SECURITIES AND EXCHANGE COMMISSION

                             Washington, D. C. 20549

                                    FORM 8-K

                                 CURRENT REPORT

     Pursuant to Section 13 or 15(d) of the Securities Exchange Act of 1934

Date of Report (Date of earliest event reported)         December 13, 2005
                                                -------------------------------

Commission    Registrant, State of Incorporation,          I.R.S. Employer
File Number   Address and Telephone Number                 Identification No.

1-6468        Georgia Power Company                        58-0257110
              (A Georgia Corporation)
              241 Ralph McGill Boulevard, N.E.
              Atlanta, Georgia 30308
              (404) 506-6526

The address of the registrant has not changed since the last report.

Check the appropriate box below if the Form 8-K filing is intended to
simultaneously satisfy the filing obligation of the registrant under any of the
following provisions:

[X]  Written communications pursuant to Rule 425 under the Securities Act (17
     CFR 230.425)

[ ]  Soliciting material pursuant to Rule 14a-12 under the Exchange Act (17
     CFR 240.14a-12)

[ ]  Pre-commencement communications pursuant to Rule 14d-2(b) under the
     Exchange Act (17 CFR 240.14d-2(b))

[ ]  Pre-commencement communications pursuant to Rule 13e-4(c) under the
     Exchange Act (17 CFR 240.13e-4(c))






Item 7.01.      Regulation FD Disclosure.

         On December 13, 2005, Georgia Power Company ("Georgia Power") and
Savannah Electric and Power Company ("Savannah Electric"), both Georgia
corporations and subsidiaries of The Southern Company, a Delaware corporation
("Southern"), entered into an Agreement and Plan of Merger, dated as of December
13, 2005 (the "Merger Agreement").

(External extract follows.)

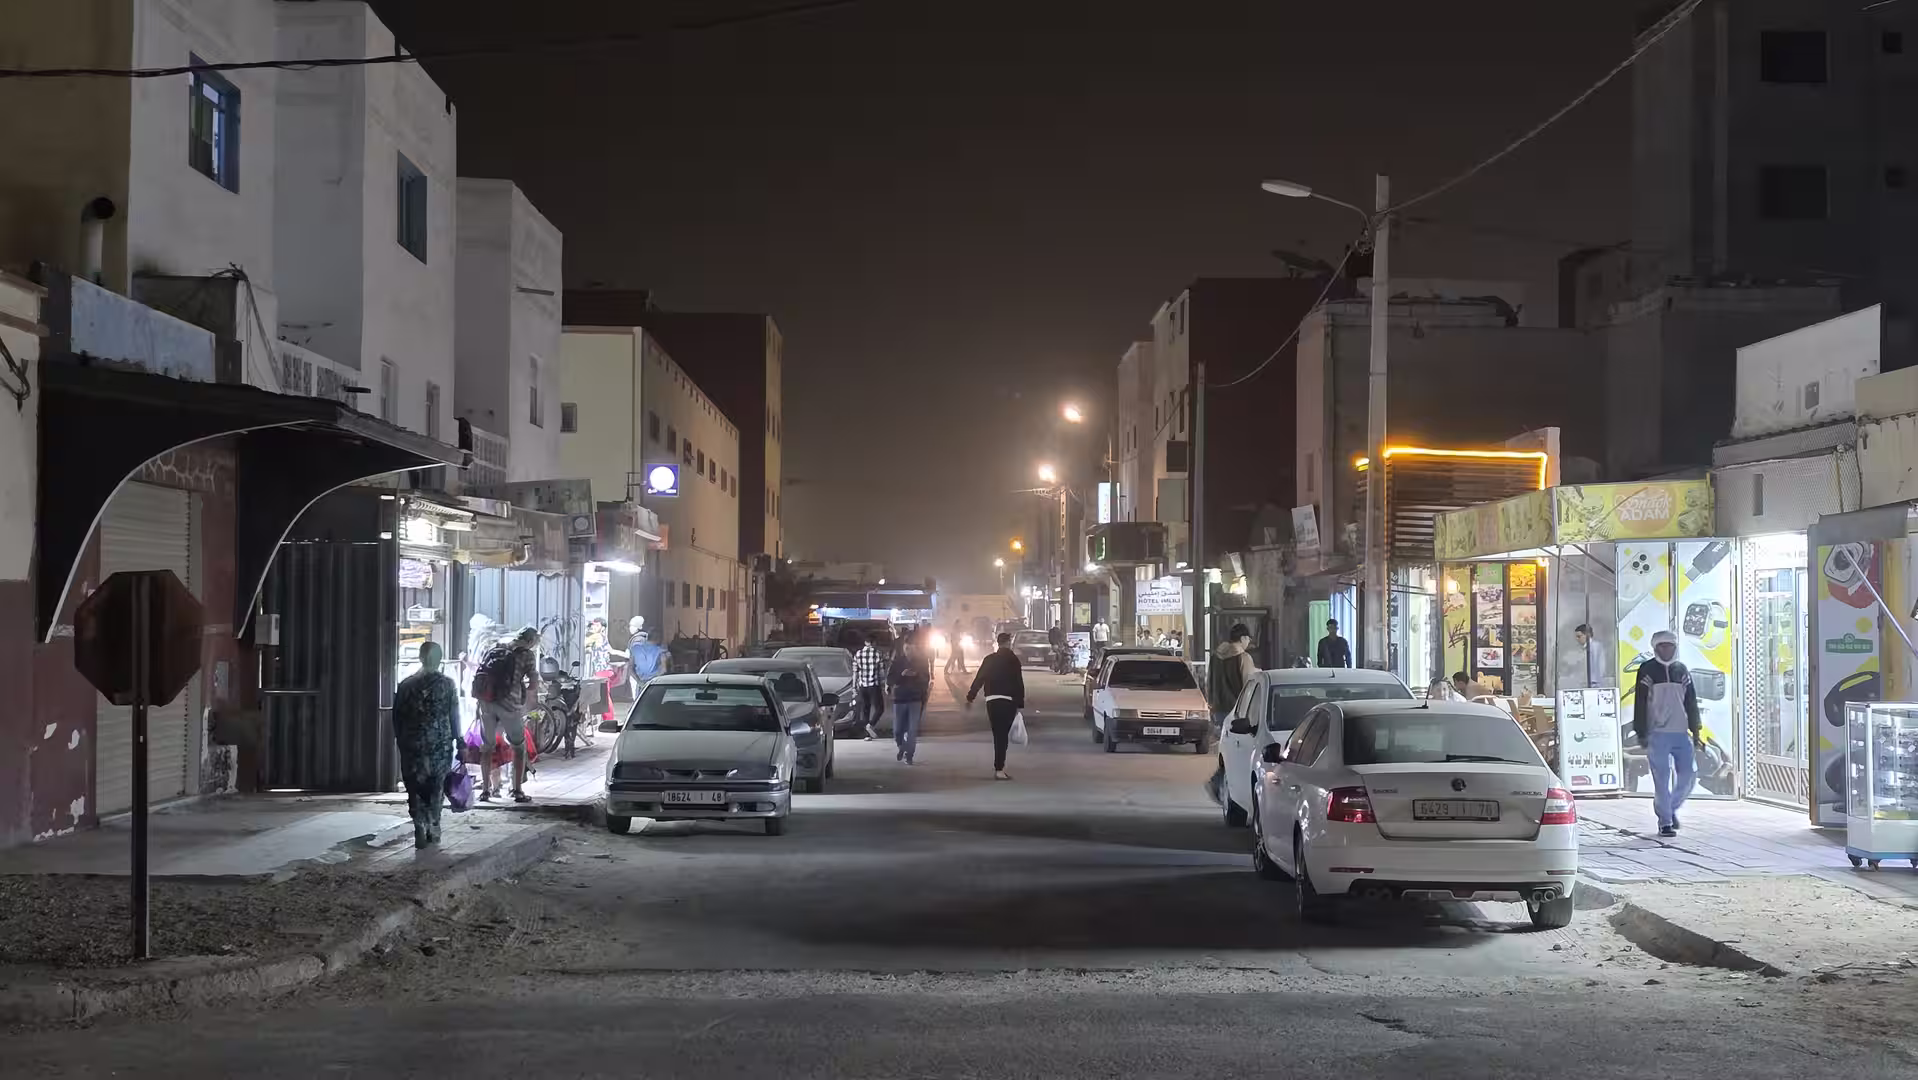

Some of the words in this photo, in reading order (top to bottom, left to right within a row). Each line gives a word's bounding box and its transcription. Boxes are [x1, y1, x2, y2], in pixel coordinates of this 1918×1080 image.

Pursuant to the Merger Agreement, Savannah
Electric will merge with and into Georgia Power (the "Merger"), with Georgia
Power continuing as the surviving corporation. Pursuant to the Merger Agreement,
at the effective time of the Merger: (a) each share of Georgia Power common
stock, without par value ("Georgia Power Common Stock"), issued and outstanding
immediately prior to the Merger shall remain issued and outstanding; (b) each
share of Georgia Power preferred stock currently issued and outstanding shall
have been redeemed prior to the Merger; (c) the issued and outstanding shares of
Savannah Electric common stock, with a par value of $5 per share, all of which
shall continue to be held by Southern Company, shall, without further action on
the part of anyone, be converted into the right to receive 1,500,000 shares of
Georgia Power Common Stock; and (d) each share of Savannah Electric preferred
stock issued and outstanding immediately prior to the Merger shall be converted
into the right to receive one share of a new series of Georgia Power Class A
Preferred Stock, non-cumulative, par value $25 per share (the "Georgia Power 6
1/8% Series Class A Preferred Stock").

         Under the Merger Agreement, the Merger is conditioned upon, among other
things, (a) the adoption of the Merger Agreement by the shareholders of each of
Georgia Power and Savannah Electric as and to the extent required by their
respective organizational documents and the Georgia Business Corporation Code,
(b) certain regulatory approvals, including the approval of the Federal Energy
Regulatory Commission and the Federal Communications Commission, as well as the
approval of the Georgia Public Service Commission with respect to certain
matters relating to the Merger, and (c) New York Stock Exchange listing approval
for the Georgia Power 6 1/8% Series Class A Preferred Stock, subject to official
notice of issuance. Assuming the timely receipt of all required approvals,
Georgia Power expects to complete the merger by July 2006.

         The Merger Agreement may be amended or terminated with the written
approval of Georgia Power and Savannah Electric.

         This summary of the Merger Agreement and the Merger is qualified in its
entirety by reference to the full text of the Merger Agreement, which is
attached hereto as Exhibit 99.1 and is incorporated herein by reference. The
Merger Agreement includes as Exhibit A thereto the form of Amended and Restated
Charter to be adopted by Georgia Power at or prior to the effective time of the
Merger and as Exhibit B thereto the form of amendment to such Amended and
Restated Charter to designate the 6 1/8% Georgia Power Class A Preferred Stock
to be issued in connection with the Merger.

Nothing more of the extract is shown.